18. The police force has traditionally comprised numbers of Fijians and Fiji-Indians, roughly proportionate to their ratio of the population. The proportion of Fiji-Indians in the police has declined from 48 per cent in 1987 to 38 per cent in 1992. Arnfield has sought to restore the traditional balance but the force lost many able Fiji- Indian officers to emigration after the coups. He will find it difficult because Fiji-Indians do not share the Fijian inclination to join the disciplined services. Fiji-Indians continue to be promoted to senior levels although the proportion of Fijians in the senior ranks has increased markedly in recent years. Again this is largely due to emigration and there is no deliberate policy to promote one ethnic group at the expense of the other.

19. Police-interrogation techniques are open to criticism, as they are in most countries. In part this also reflects the lack of forensic expertise and proper training. Beatings of prisoners are reported from time to time, attracting criticism from Amnesty International, although again the situation has improved under Arnfield. These beatings are possibly racially-motivated sometimes, but it impossible to be conclusive on this.

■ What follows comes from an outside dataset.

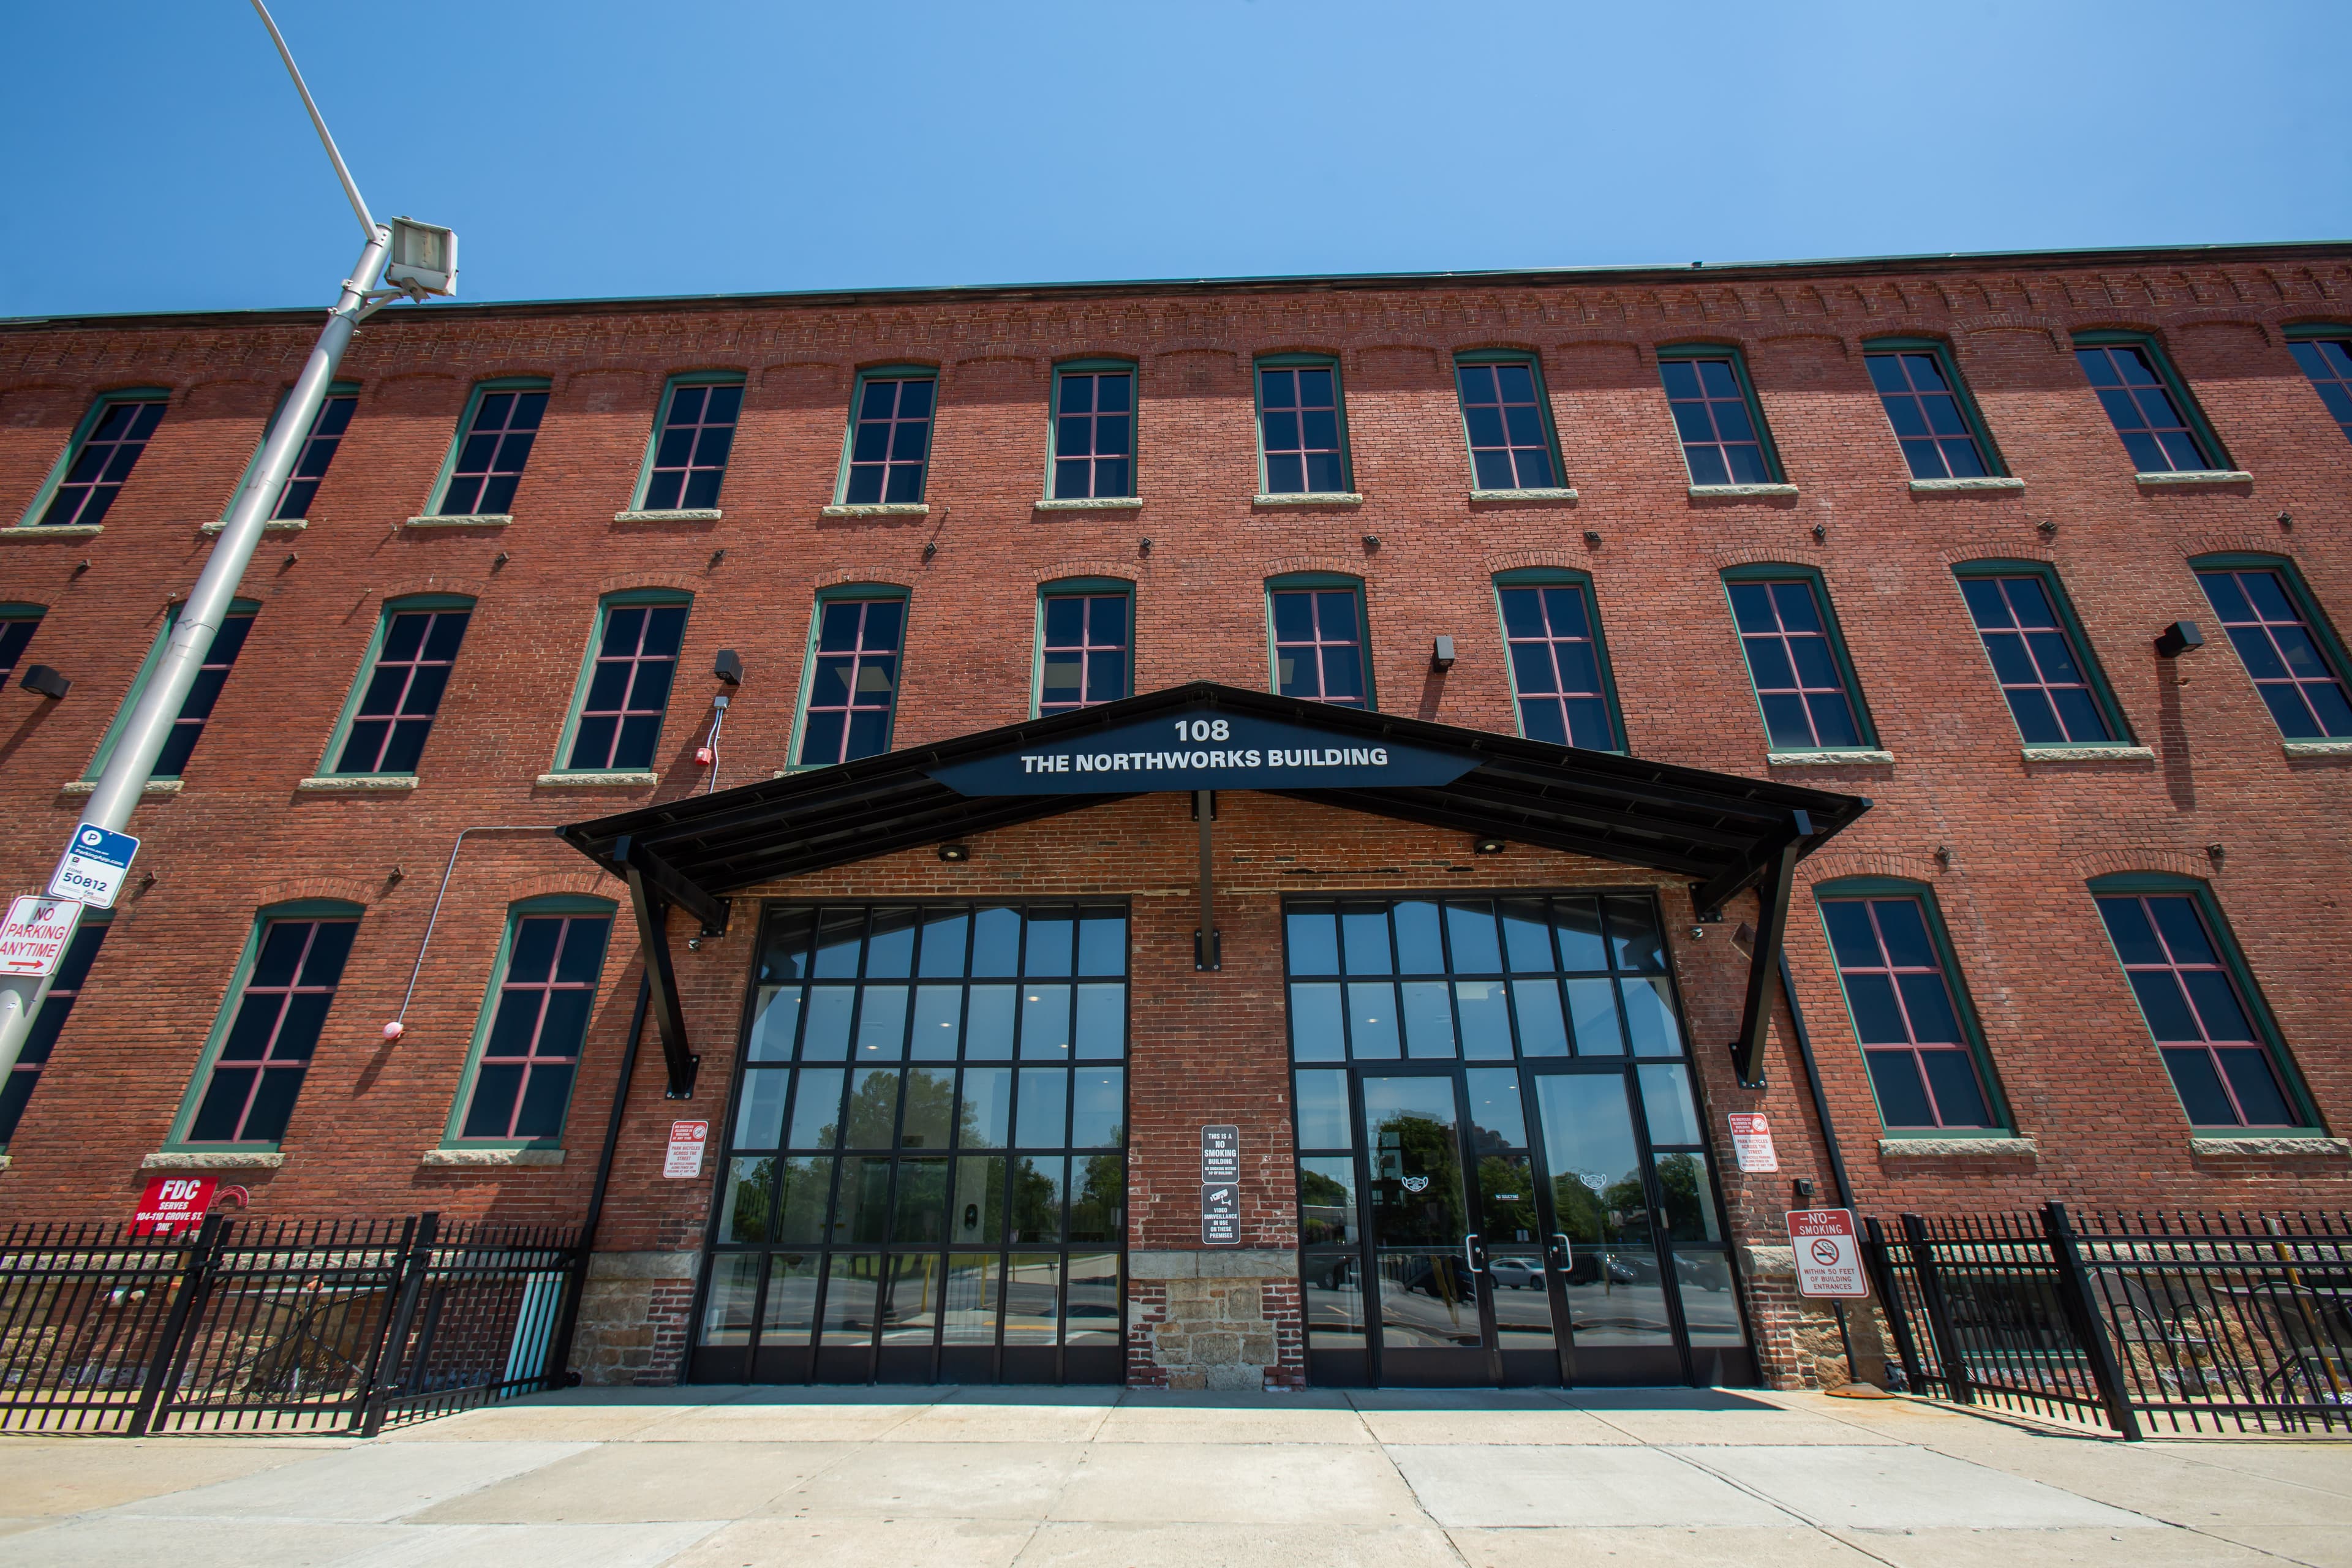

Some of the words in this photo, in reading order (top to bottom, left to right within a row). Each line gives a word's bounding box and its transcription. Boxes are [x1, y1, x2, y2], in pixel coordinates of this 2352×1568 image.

20. Whether Arnfield's contract will be extended is too early to say, as is whether the improvements he has wrought will become institutionalised and remain in place after his departure."

The Tribunal's approach

In the light of this, it would be impossible to say that the Tribunal had erred in law if its substantial conclusion had been that the applicant was not "a victim of persecution stipulated by the Convention" because what was involved was a few relatively minor incidents of racist violence, compounded by a few displays of low- level police racism. However distressing and seriously wrong such behaviour might be, it could well be regarded as falling short of "a course of systematic conduct" against the applicant as an ethnic Indian. Systematic maltreatment is inherent in the idea of persecution, as McHugh J pointed out in Chan Yee Kim v Minister for Immigration & Ethnic Affairs (1989) 169 CLR 379 at 430. Unsystematic racism simply flourishes where it can, including in our own society.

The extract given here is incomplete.